A variety of surfactants can be used in the present concentrate composition, such as anionic, non-ionic, cationic, and amphoteric surfactants. Surfactants provide grease removal and augment foam.

Suitable anionic surfactants are, for example, carboxylates such as alkylcarboxylates (carboxylic acid salts) and polyalkoxycarboxylates, alcohol ethoxylate carboxylates, nonylphenol ethoxylate carboxylates; sulfonates such as alkylsulfonates, alkylbenzenesulfonates, alkylarylsulfonates, sulfonated fatty acid esters; sulfates such as sulfated alcohols, sulfated alcohol ethoxylates, sulfated alkylphenols, alkylsulfates, sulfosuccinates, alkylether sulfates; and phosphate esters such as alkylphosphate esters. Exemplary anionic surfactants include sodium alkylarylsulfonate, alpha-olefinsulfonate, and fatty alcohol sulfates.
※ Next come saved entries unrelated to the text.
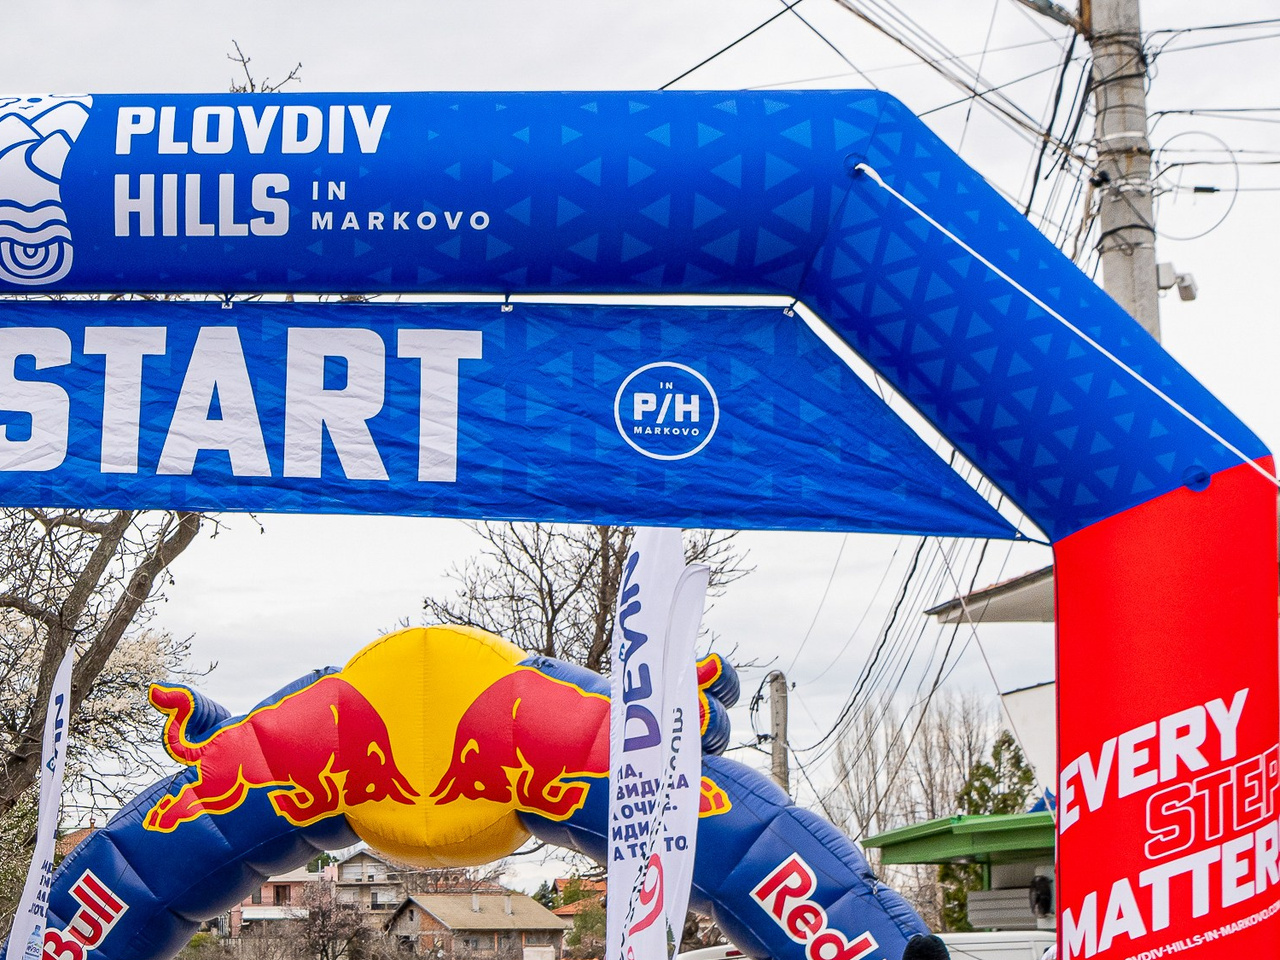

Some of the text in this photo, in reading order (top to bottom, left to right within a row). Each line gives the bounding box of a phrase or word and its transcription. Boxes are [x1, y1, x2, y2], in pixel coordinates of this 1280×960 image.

[115, 105, 391, 154] PLOVDIV
[115, 173, 290, 237] HILLS
[311, 181, 346, 201] IN
[311, 211, 490, 231] MARKOVO
[659, 381, 673, 390] IN
[633, 392, 700, 424] P/H
[633, 426, 700, 436] MARKOVO
[1059, 687, 1250, 835] EVERY
[1144, 743, 1280, 860] STEP
Suitable nonionic surfactants are, for example, those having a polyalkylene oxide polymer as a portion of the surfactant molecule. Such nonionic surfactants include, for example, chlorine-, benzyl-, methyl-, ethyl-, propyl-, butyl- and other like alkyl-capped polyethylene glycol ethers of fatty alcohols; polyalkylene oxide free nonionics such as alkyl polyglycosides; sorbitan and sucrose esters and their ethoxylates; alkoxylated ethylene diamine; alcohol alkoxylates such as alcohol ethoxylate propoxylates, alcohol propoxylates, alcohol propoxylate ethoxylate propoxylates, alcohol ethoxylate butoxylates, and the like; nonylphenol ethoxylate, polyoxyethylene glycol ethers and the like; carboxylic acid esters such as glycerol esters, polyoxyethylene esters, ethoxylated and glycol esters of fatty acids, and the like; carboxylic amides such as diethanolamine condensates, monoalkanolamine condensates, polyoxyethylene fatty acid amides, and the like; and polyalkylene oxide block copolymers including an ethylene oxide/propylene oxide block copolymer and other like non-ionic compounds. Silicone surfactants can also be used.
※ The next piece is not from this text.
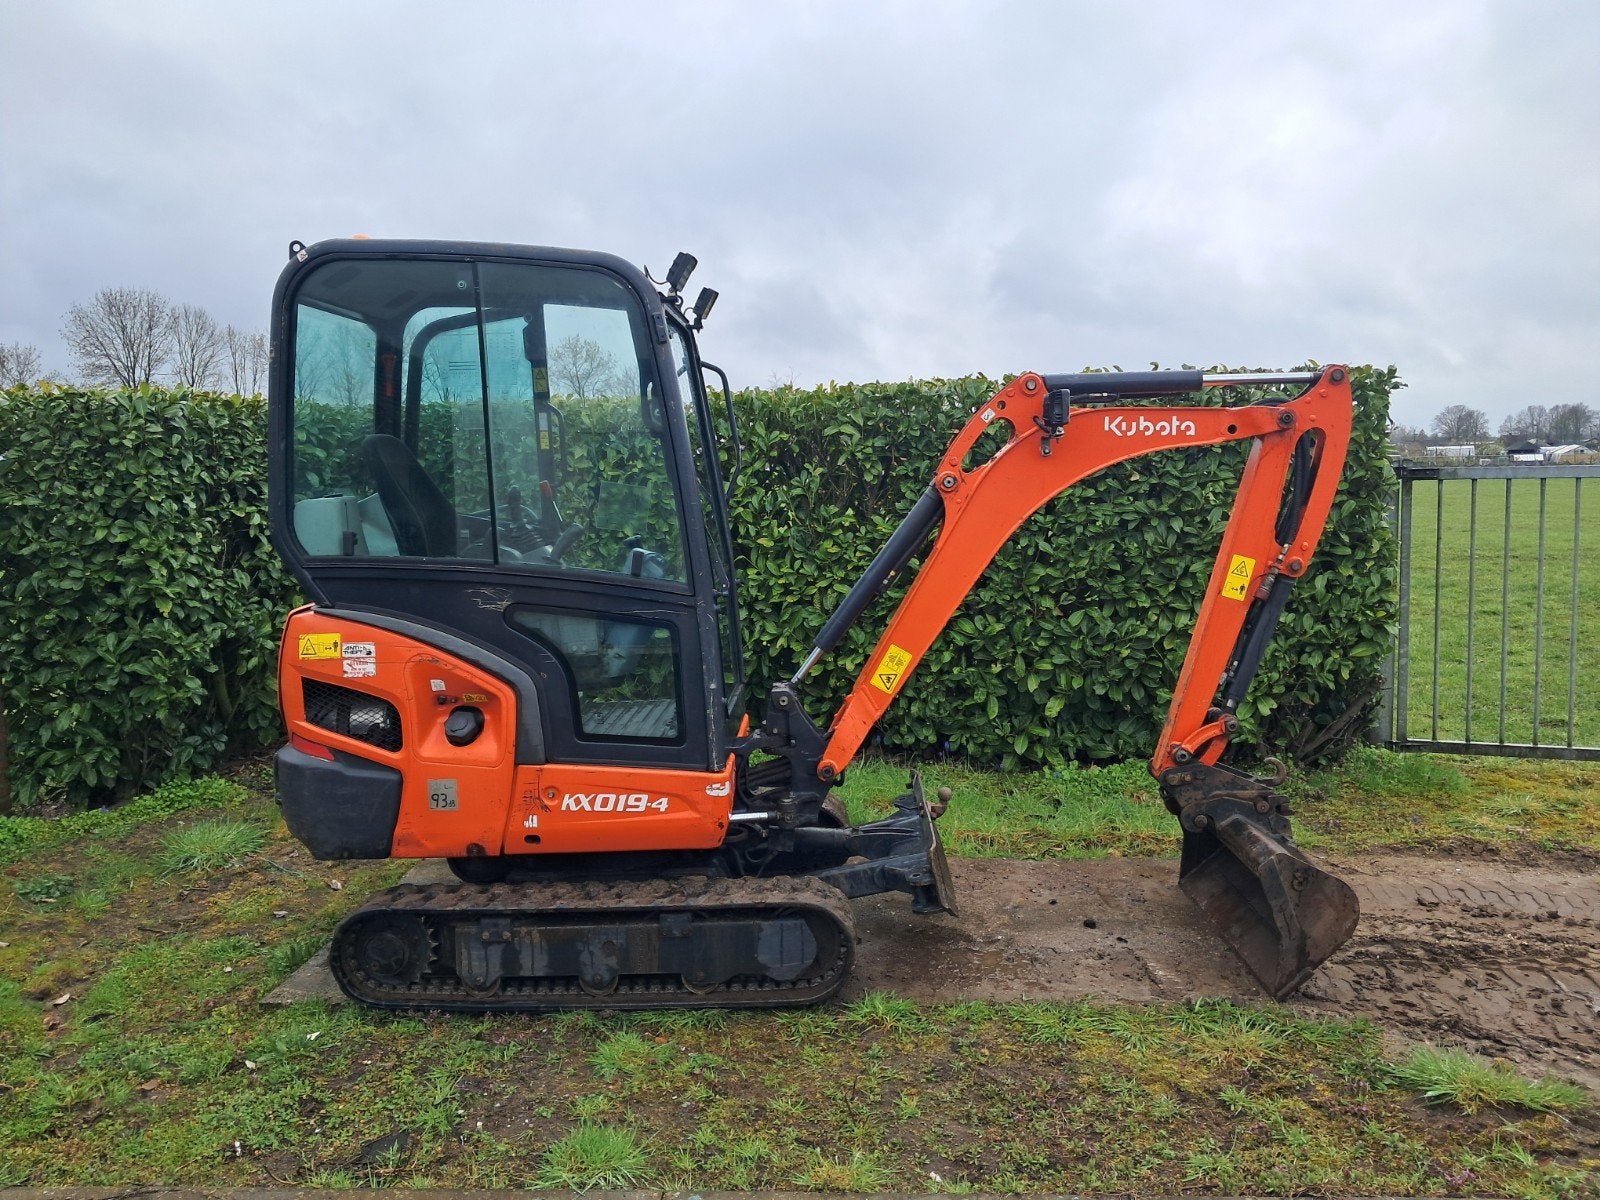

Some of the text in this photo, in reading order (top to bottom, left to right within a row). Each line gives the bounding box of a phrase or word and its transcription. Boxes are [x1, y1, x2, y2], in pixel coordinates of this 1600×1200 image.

Suitable cationic surfactants include, for example, amines such as primary, secondary and tertiary monoamines with C₁₈ alkyl or alkenyl chains, ethoxylated alkylamines, alkoxylates of ethylenediamine, imidazoles such as a 1-(2-hydroxyethyl)-2-imidazoline, 2-alkyl-1-(2-hydroxyethyl)-2-imidazoline; and quaternary ammonium salts, as for example, alkylquaternary ammonium chloride surfactants such as n-alkyl(C₁₂-C₁₈)dimethylbenzyl ammonium chloride, n-tetradecyldimethylbenzylammonium chloride monohydrate, naphthylene-substituted quaternary ammonium chloride such as dimethyl-1-naphthylmethylammonium chloride. The cationic surfactant can be used to provide sanitizing properties.
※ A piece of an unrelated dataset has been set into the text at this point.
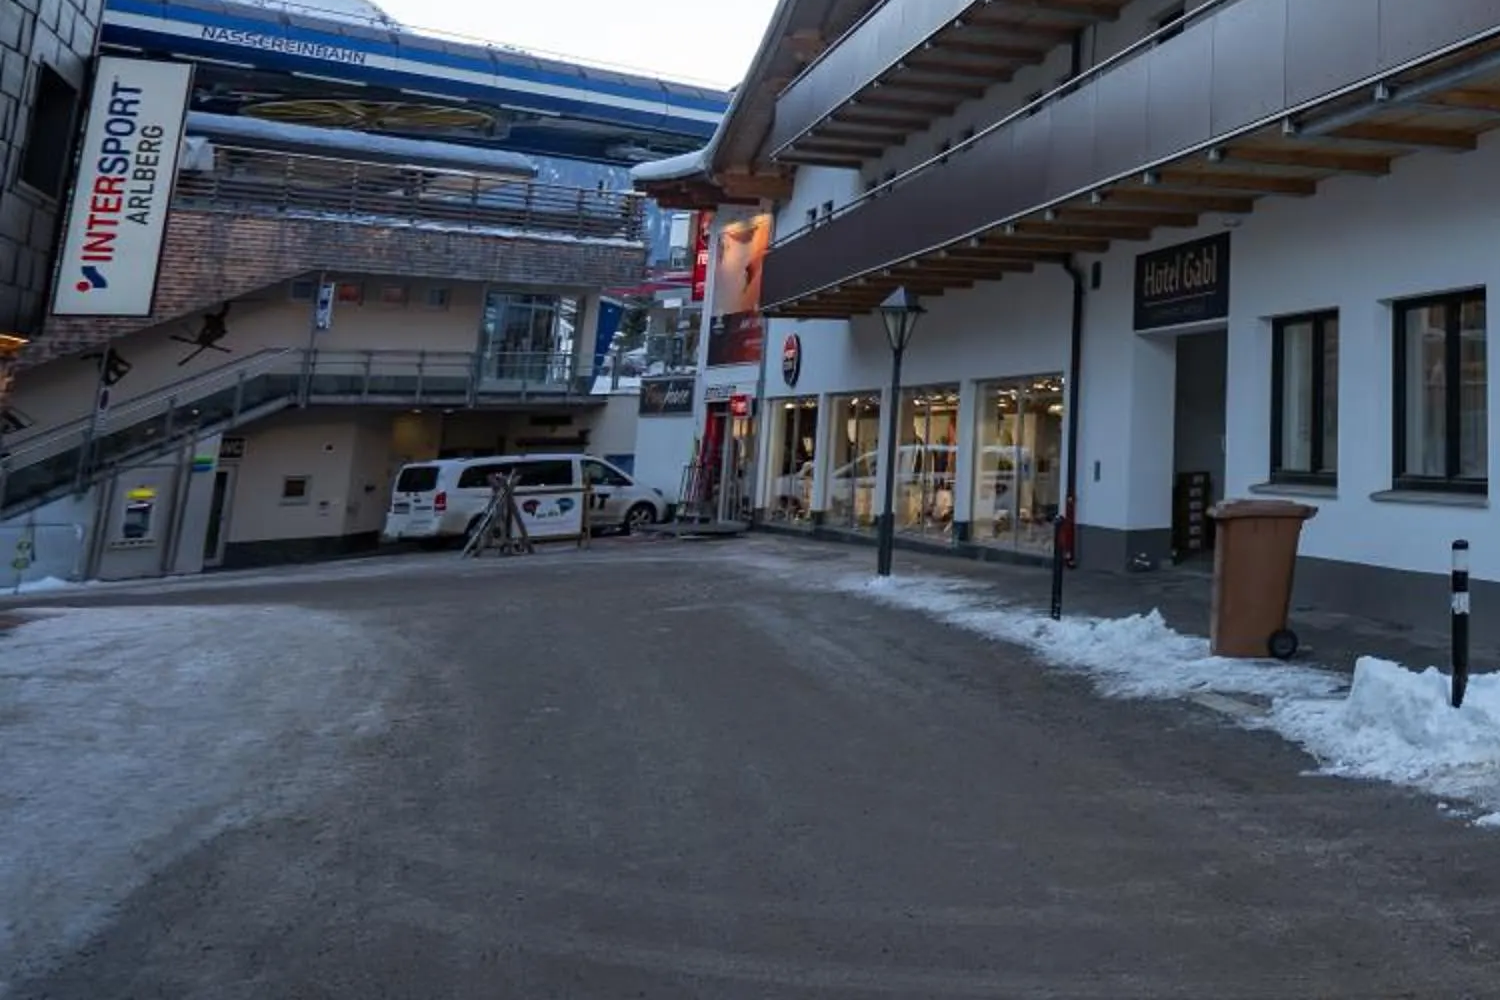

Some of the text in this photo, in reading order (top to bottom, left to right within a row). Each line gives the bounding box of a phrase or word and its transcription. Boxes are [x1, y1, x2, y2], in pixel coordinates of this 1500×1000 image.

[81, 81, 143, 262] INTERSPORT
[125, 124, 164, 226] ARLBERG
[1143, 243, 1217, 297] Hotel Gabl
Suitable amphoteric surfactants include, for example, betaines, imidazolines, amine oxides, and propinates. The amphoteric surfactant may comprise an amine oxide, preferably the amphoteric surfactant comprises C₁₂, C₁₄ and/or C₁₆ dimethyl amine oxides. Further preferably the amphoteric surfactant comprises laurylamine oxide. Most preferably, the amphoteric surfactant is laurylamine oxide.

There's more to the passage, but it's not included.